Non c’è bisogno di aver studiato letteratura latina e Orazio per conoscere e citare l’espressione latina “Carpe diem”.
E più o meno tutti sanno che significa cogli il tempo e non tralasciare i piaceri che può riservarti. Ma molti, forse, non hanno mai letto letto l’ode da cui proviene e non ricordano con esattezza chi è Quinto Orazio Flacco.
Il poeta appartiene a quella cerchia di intellettuali che il ricchissimo principe Mecenate, di origine etrusca, grande amico di Augusto e, potremmo dire, quasi suo ministro della cultura, aveva raccolto intorno al nuovo padrone di Roma anche per farlo meglio accettare dalla classe dirigente.

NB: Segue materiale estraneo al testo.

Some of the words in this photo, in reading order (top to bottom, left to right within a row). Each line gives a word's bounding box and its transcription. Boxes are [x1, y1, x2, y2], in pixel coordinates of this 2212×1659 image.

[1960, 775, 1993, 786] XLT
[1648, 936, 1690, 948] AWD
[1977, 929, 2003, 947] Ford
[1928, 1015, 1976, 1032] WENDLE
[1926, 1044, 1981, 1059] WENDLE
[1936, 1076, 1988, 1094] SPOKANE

Come ci è arrivato? Orazio, nato nel 65 a.C. a Venosa, (attualmente in Basilicata) era di umili origini, figlio di un liberto, cioè un ex schiavo che aveva fatto di tutto per fargli avere la migliore educazione possibile. Si forma a Roma, ad Atene, a Napoli ed Ercolano, alla scuola dell’epicureo Sirone. Durante la guerra civile si schiera o con i Cesaricidi, decisamente la parte sbagliata, sgominati da Ottaviano, che assumerà poi il titolo di Augusto.

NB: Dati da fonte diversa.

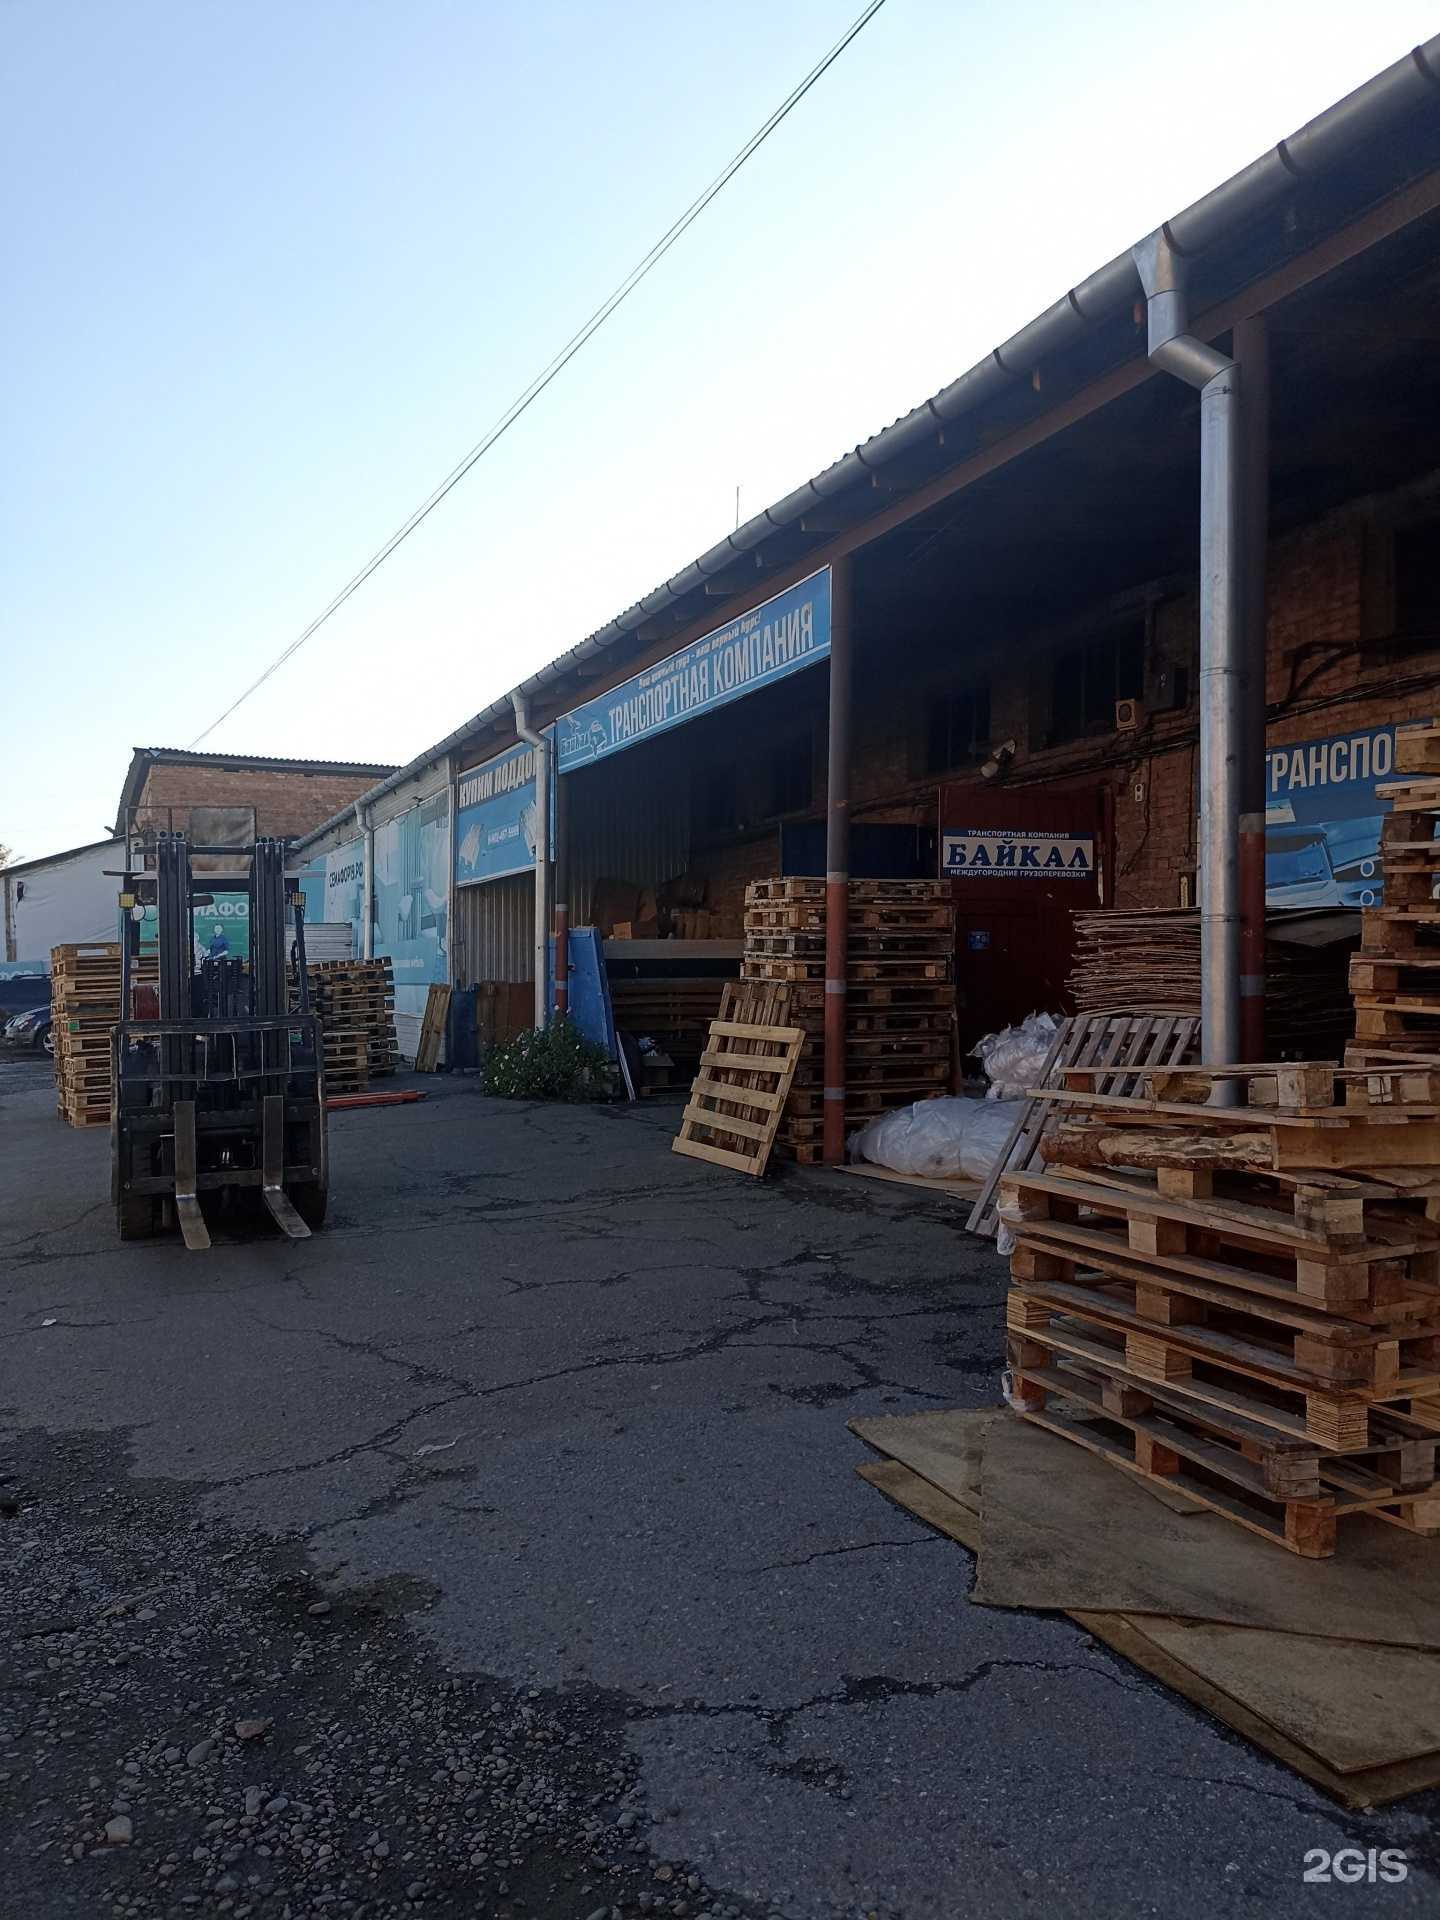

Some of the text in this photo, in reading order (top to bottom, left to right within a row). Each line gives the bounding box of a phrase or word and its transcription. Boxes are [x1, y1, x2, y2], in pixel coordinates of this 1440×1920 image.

[608, 600, 814, 744] ТРАНСПОРТНАЯ КОМПАНИЯ
[1266, 733, 1392, 793] РАНСПО
[459, 771, 493, 808] КУПИМ
[967, 830, 1070, 839] ТРАНСПОРТНАЯ КОМПАНИЯ
[946, 839, 1090, 868] БАЙКАЛ
[950, 868, 1086, 878] МЕЖДУГОРОДНИЕ ГРУЗОПЕРЕВОЗКИ

Decisamente non una partenza ottimale…Amnistiato rientra a Roma e si impiega come segretario di un questore, ma non rinuncia a coltivare l’amore per la poesia. Per sua fortuna ha degli amici che lo apprezzano, tra cui Virgilio, conosciuto alla scuola di Sirone. E’ lui che lo presenta a Mecenate. Colloquio breve, racconta lo stesso Orazio, ma dopo nove mesi viene richiamato ed ammesso nel più esclusivo circolo culturale di Roma, che allora voleva dire di tutto il mondo occidentale.

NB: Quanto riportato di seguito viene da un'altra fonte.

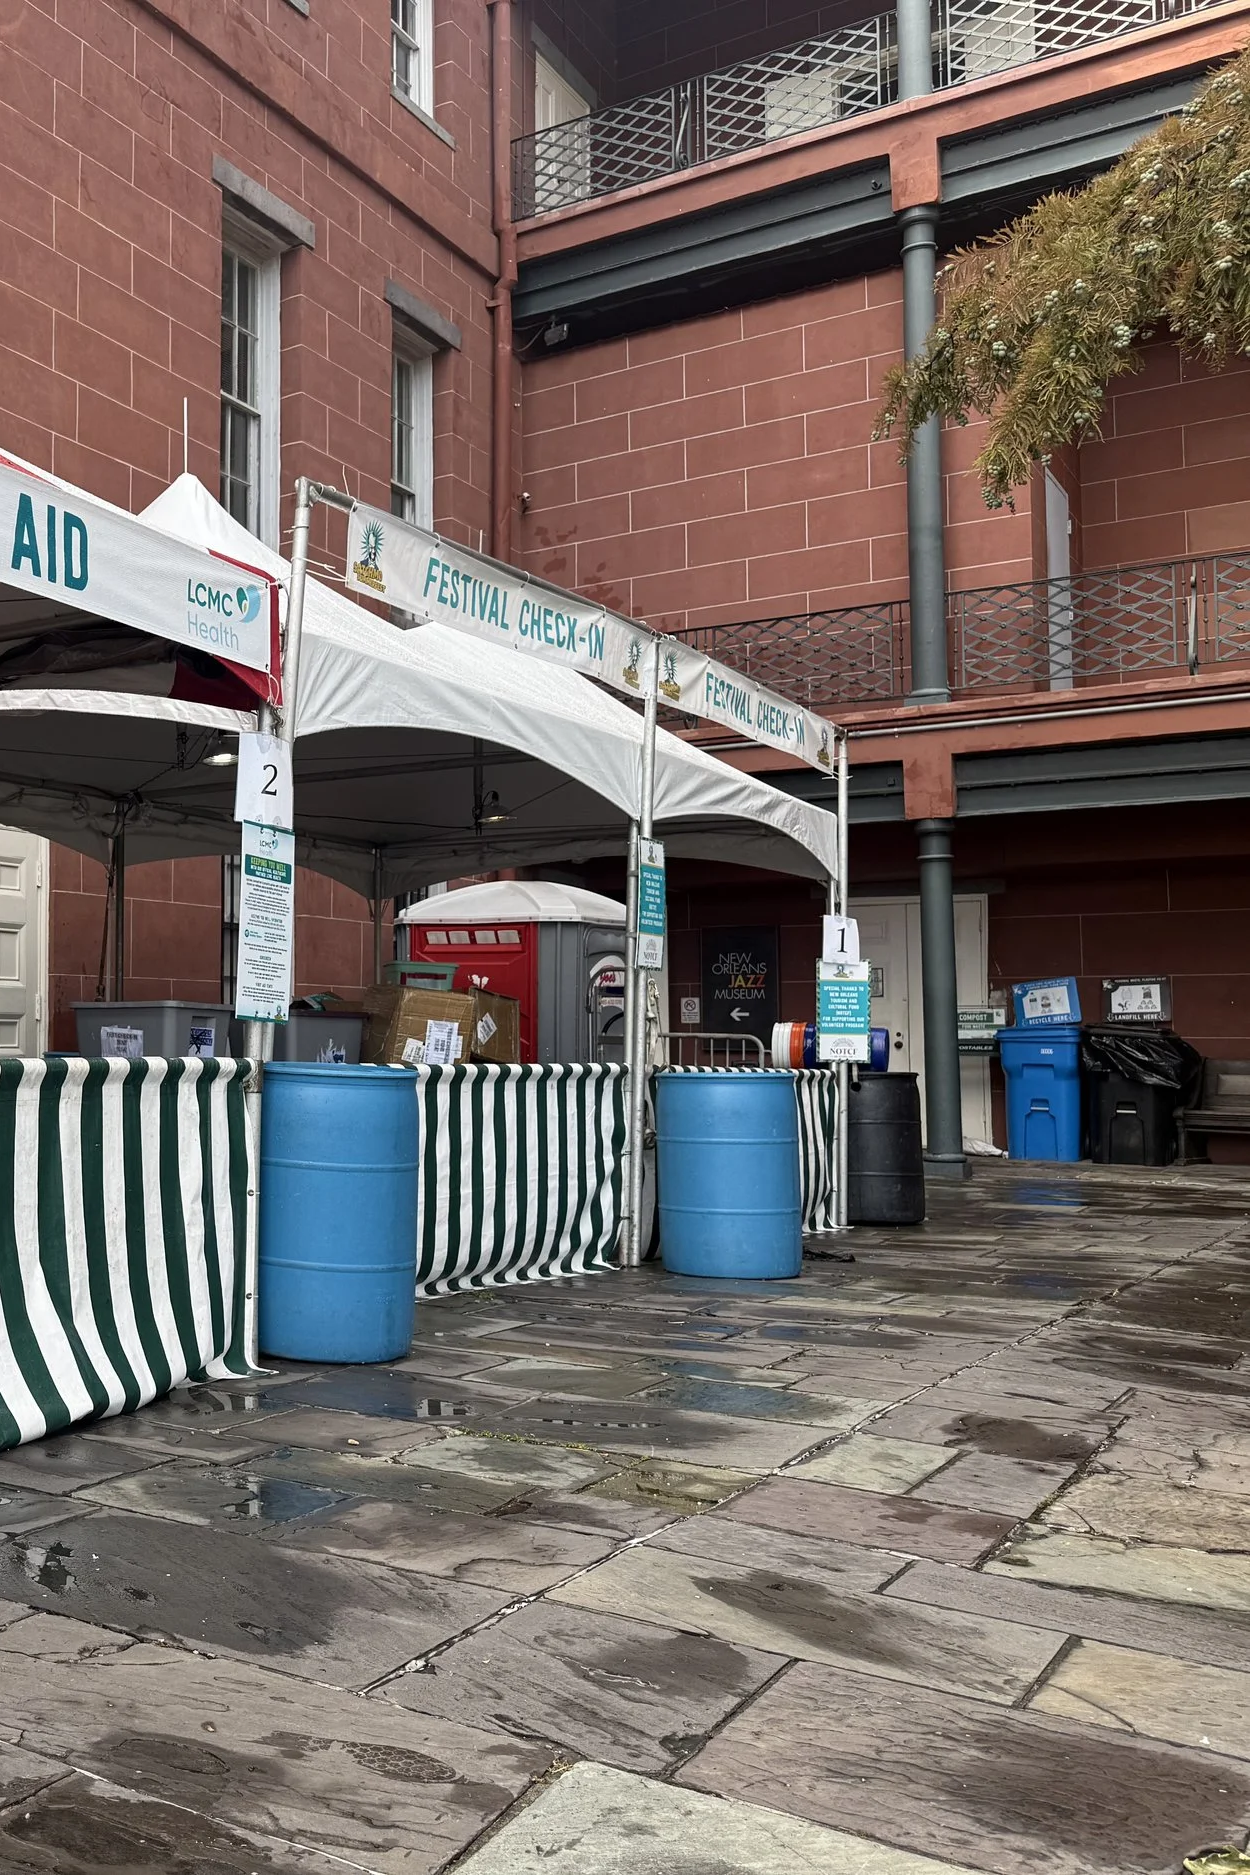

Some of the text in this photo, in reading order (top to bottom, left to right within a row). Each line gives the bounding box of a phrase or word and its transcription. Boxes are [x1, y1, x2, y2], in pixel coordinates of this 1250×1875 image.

[10, 491, 90, 592] AID
[187, 577, 234, 618] LCMC
[423, 556, 606, 661] FESTIVAL CHECK-IN
[187, 610, 240, 652] Health
[705, 671, 753, 726] FESTIVAL
[757, 699, 806, 746] CHECK-IN
[261, 763, 278, 797] 2
[837, 927, 848, 954] 1
[711, 962, 767, 975] ORLEANS
[719, 952, 752, 963] NEW
[714, 988, 766, 999] MUSEUM
[728, 974, 766, 988] JAZZ
[959, 1013, 988, 1021] COMPOST
[1028, 1014, 1069, 1025] RECYCLE HERE

Evidentemente Mecenate sa riconoscere il valore degli uomini di cui si circonda.
La sua poesia non tratta grandi temi epici, ma, ispirata dai lirici greci arcaici di cui cerca di imitare la perfezione formale, argomenti più quotidiani: esperienze di vita, amore, temi filosofici e letterari, a volte anche politici (ovviamente per lodare l’operato dell’imperatore). Ma la sua riflessione più intensa e che ci tocca di più è quella sullo scorrere del tempo e sul significato della vita umana.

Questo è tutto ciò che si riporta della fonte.